Saved data entries:
::::

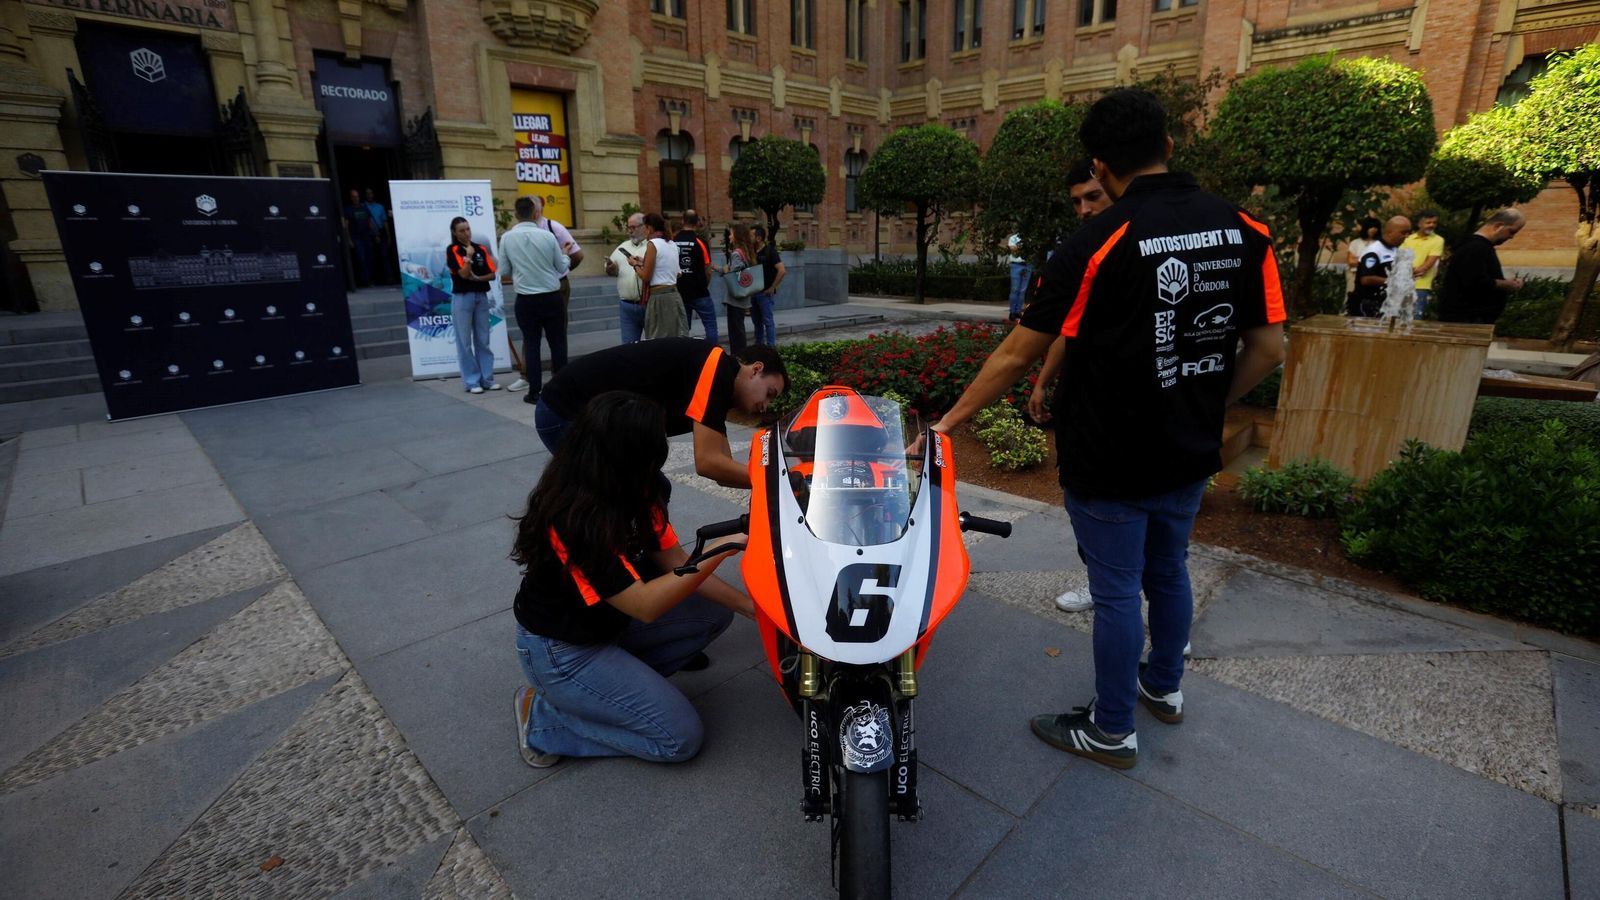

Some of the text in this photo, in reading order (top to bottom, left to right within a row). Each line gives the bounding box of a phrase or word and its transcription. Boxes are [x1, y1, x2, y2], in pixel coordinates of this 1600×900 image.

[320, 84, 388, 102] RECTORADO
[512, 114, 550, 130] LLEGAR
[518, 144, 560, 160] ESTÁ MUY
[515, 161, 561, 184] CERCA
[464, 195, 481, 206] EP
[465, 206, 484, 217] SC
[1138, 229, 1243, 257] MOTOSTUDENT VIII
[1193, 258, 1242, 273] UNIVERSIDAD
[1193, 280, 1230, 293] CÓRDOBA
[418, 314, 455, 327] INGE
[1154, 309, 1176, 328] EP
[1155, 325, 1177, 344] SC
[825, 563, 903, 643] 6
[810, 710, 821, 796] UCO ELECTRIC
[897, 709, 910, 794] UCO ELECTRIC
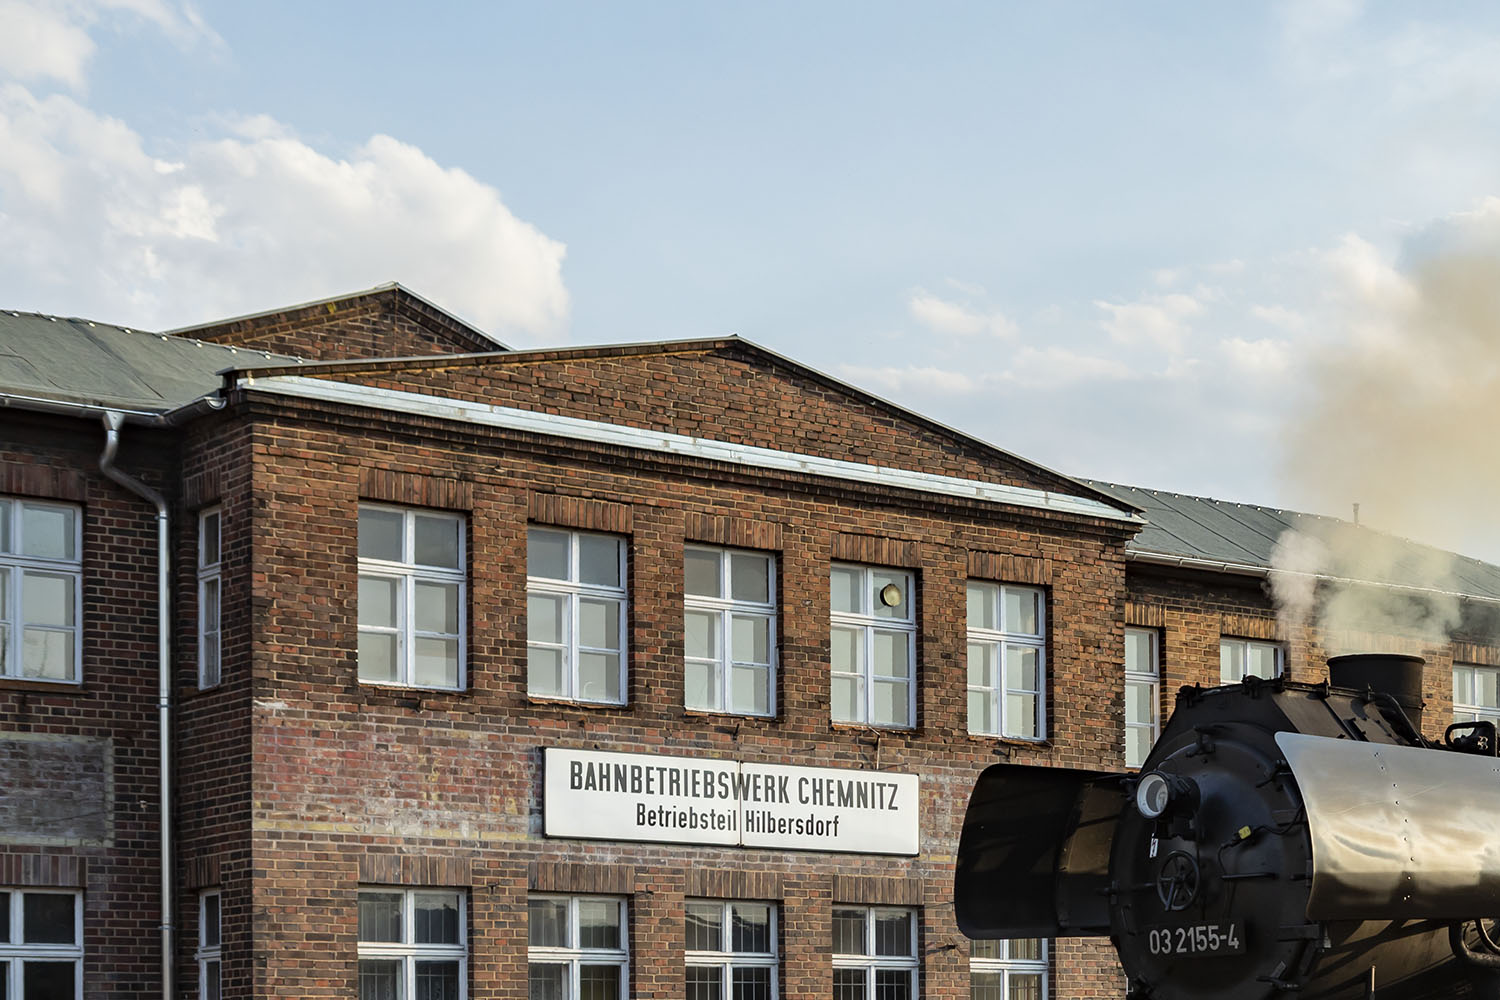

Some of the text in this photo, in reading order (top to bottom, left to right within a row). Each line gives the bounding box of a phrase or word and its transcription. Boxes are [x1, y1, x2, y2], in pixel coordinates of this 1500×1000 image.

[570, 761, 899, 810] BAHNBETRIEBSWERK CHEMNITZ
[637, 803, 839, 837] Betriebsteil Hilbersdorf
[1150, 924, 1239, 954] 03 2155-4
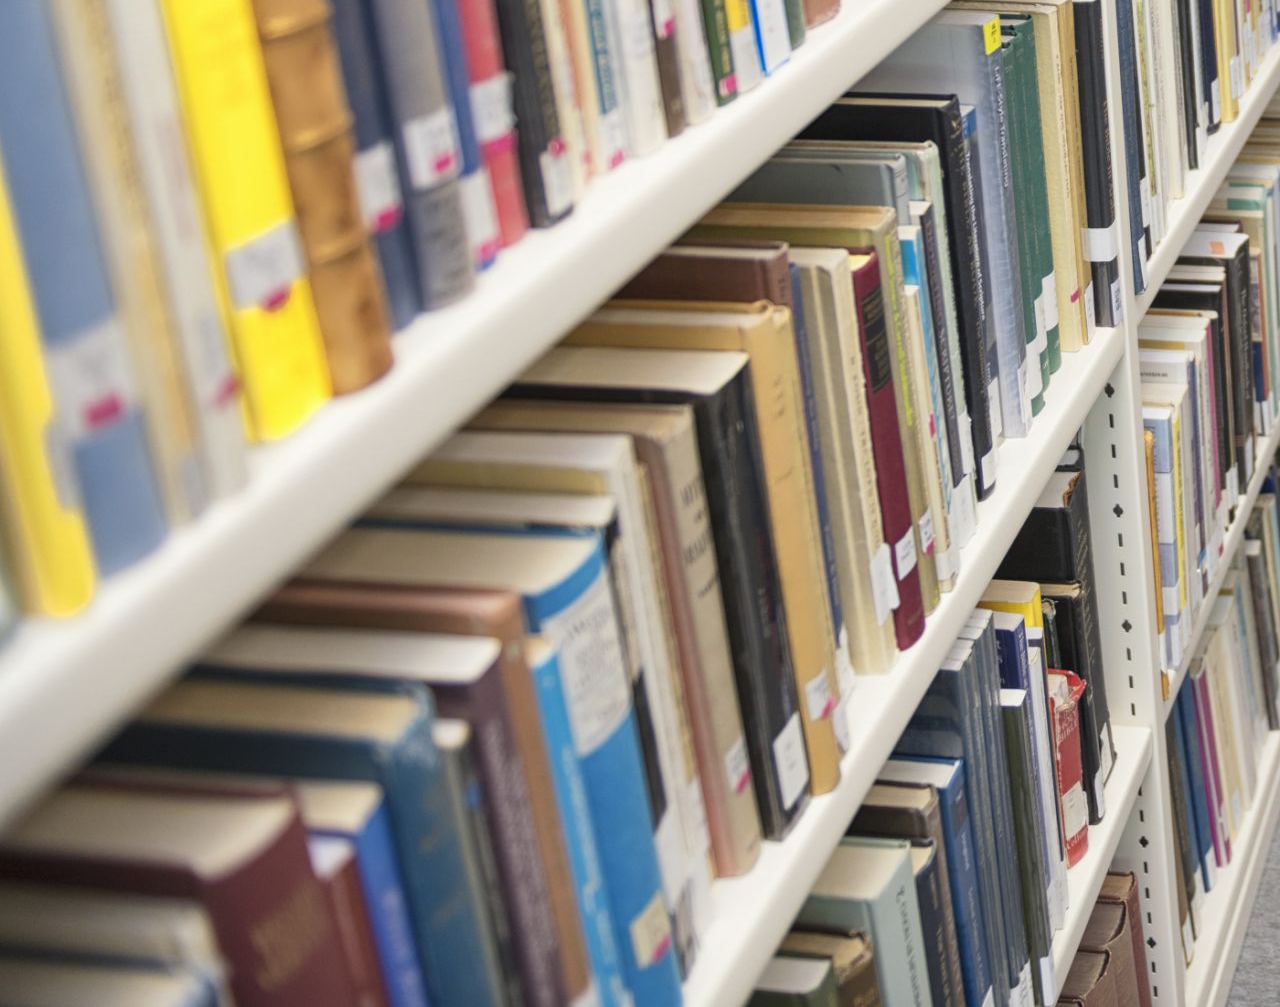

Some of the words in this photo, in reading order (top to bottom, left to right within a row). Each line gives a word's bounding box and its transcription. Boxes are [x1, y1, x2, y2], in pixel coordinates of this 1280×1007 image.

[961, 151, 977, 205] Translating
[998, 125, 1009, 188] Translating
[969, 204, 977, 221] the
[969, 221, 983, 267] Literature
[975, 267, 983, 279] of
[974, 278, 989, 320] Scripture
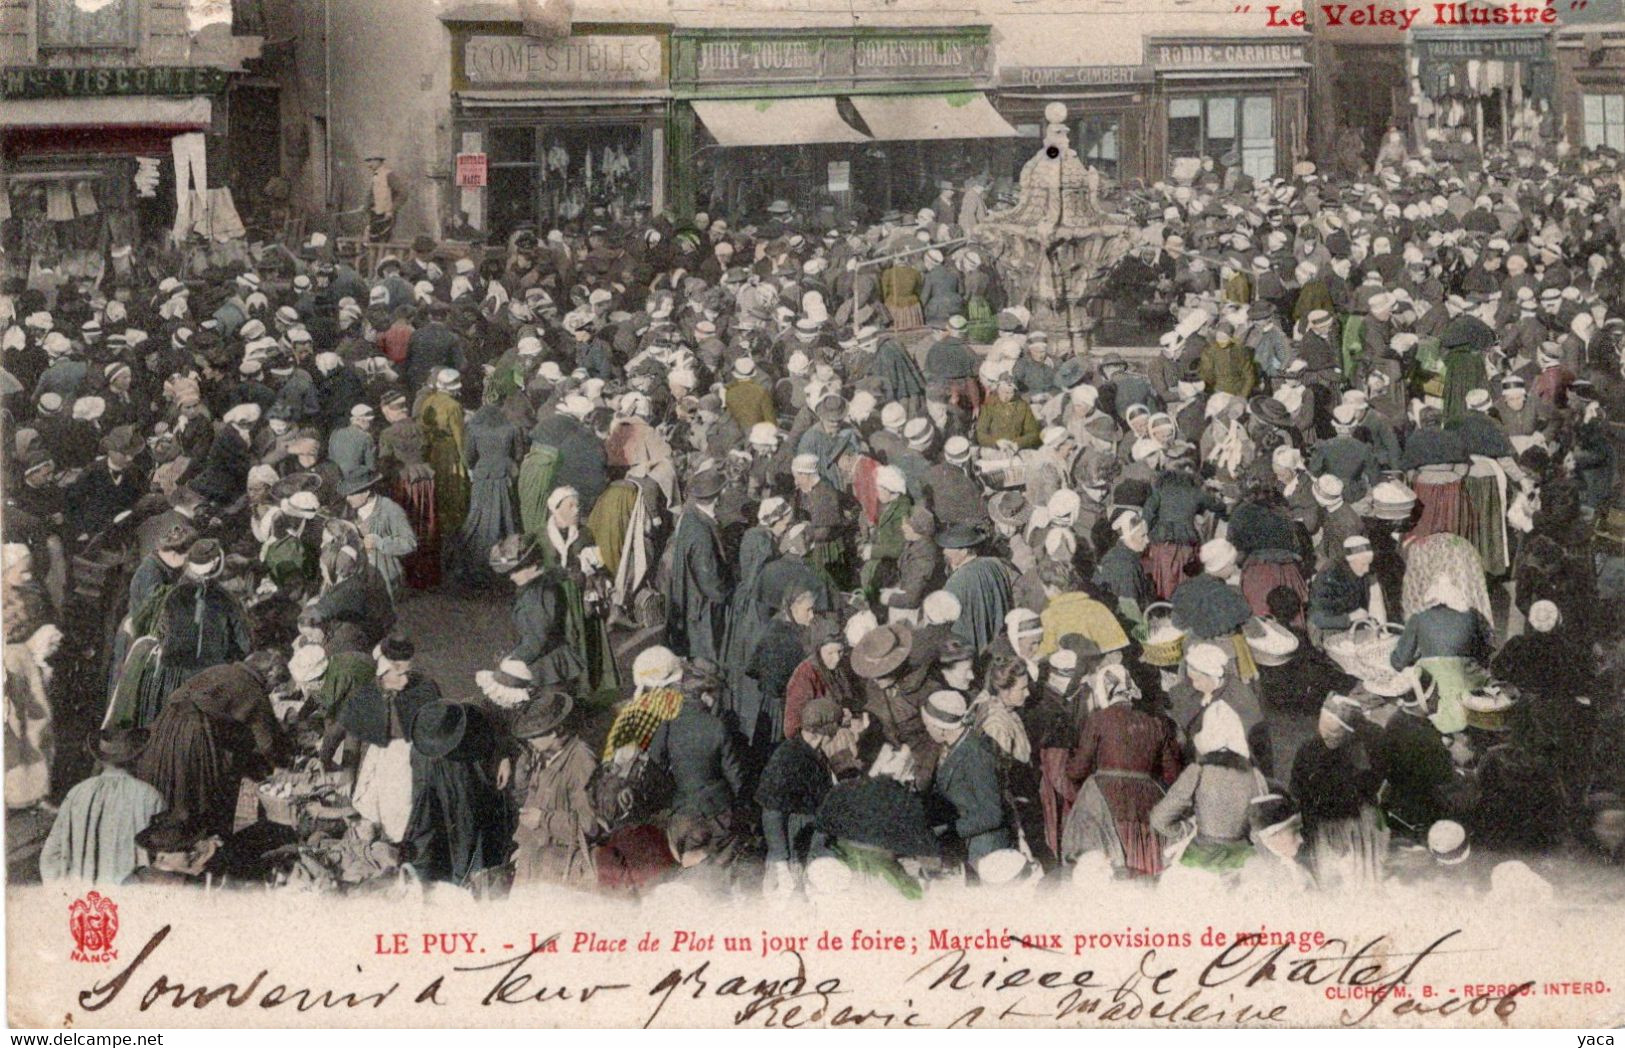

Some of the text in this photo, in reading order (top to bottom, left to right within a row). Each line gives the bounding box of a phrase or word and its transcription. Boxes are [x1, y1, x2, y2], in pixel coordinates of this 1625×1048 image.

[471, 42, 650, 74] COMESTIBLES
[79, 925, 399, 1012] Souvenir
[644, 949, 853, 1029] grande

::::

* _What to produce_
If any image appears in the entries, omit it and return the rest verbatim.

* _Task response_
Some of the text in this photo, in reading order (top to bottom, left to right within a row). Each line gives the bounding box of a phrase or word and its transcription. Boxes are [x1, y1, x2, y2], in pixel coordinates of this 1600×900 image.

[320, 84, 388, 102] RECTORADO
[512, 114, 550, 130] LLEGAR
[518, 144, 560, 160] ESTÁ MUY
[515, 161, 561, 184] CERCA
[464, 195, 481, 206] EP
[465, 206, 484, 217] SC
[1138, 229, 1243, 257] MOTOSTUDENT VIII
[1193, 258, 1242, 273] UNIVERSIDAD
[1193, 280, 1230, 293] CÓRDOBA
[418, 314, 455, 327] INGE
[1154, 309, 1176, 328] EP
[1155, 325, 1177, 344] SC
[825, 563, 903, 643] 6
[810, 710, 821, 796] UCO ELECTRIC
[897, 709, 910, 794] UCO ELECTRIC

Some of the text in this photo, in reading order (top to bottom, left to right within a row). Each line gives the bounding box of a phrase or word and its transcription. Boxes are [x1, y1, x2, y2], in pixel coordinates of this 1500×1000 image.

[570, 761, 899, 810] BAHNBETRIEBSWERK CHEMNITZ
[637, 803, 839, 837] Betriebsteil Hilbersdorf
[1150, 924, 1239, 954] 03 2155-4

Some of the words in this photo, in reading order (top to bottom, left to right within a row). Each line gives a word's bounding box and its transcription. Boxes are [x1, y1, x2, y2], in pixel coordinates of this 1280×1007 image.

[961, 151, 977, 205] Translating
[998, 125, 1009, 188] Translating
[969, 204, 977, 221] the
[969, 221, 983, 267] Literature
[975, 267, 983, 279] of
[974, 278, 989, 320] Scripture

Some of the text in this photo, in reading order (top to bottom, left to right within a row). Each line gives the bounding box of a phrase or word and its transcription. Boxes are [x1, y1, x2, y2], in pixel coordinates of this 1625×1048 image.

[471, 42, 650, 74] COMESTIBLES
[79, 925, 399, 1012] Souvenir
[644, 949, 853, 1029] grande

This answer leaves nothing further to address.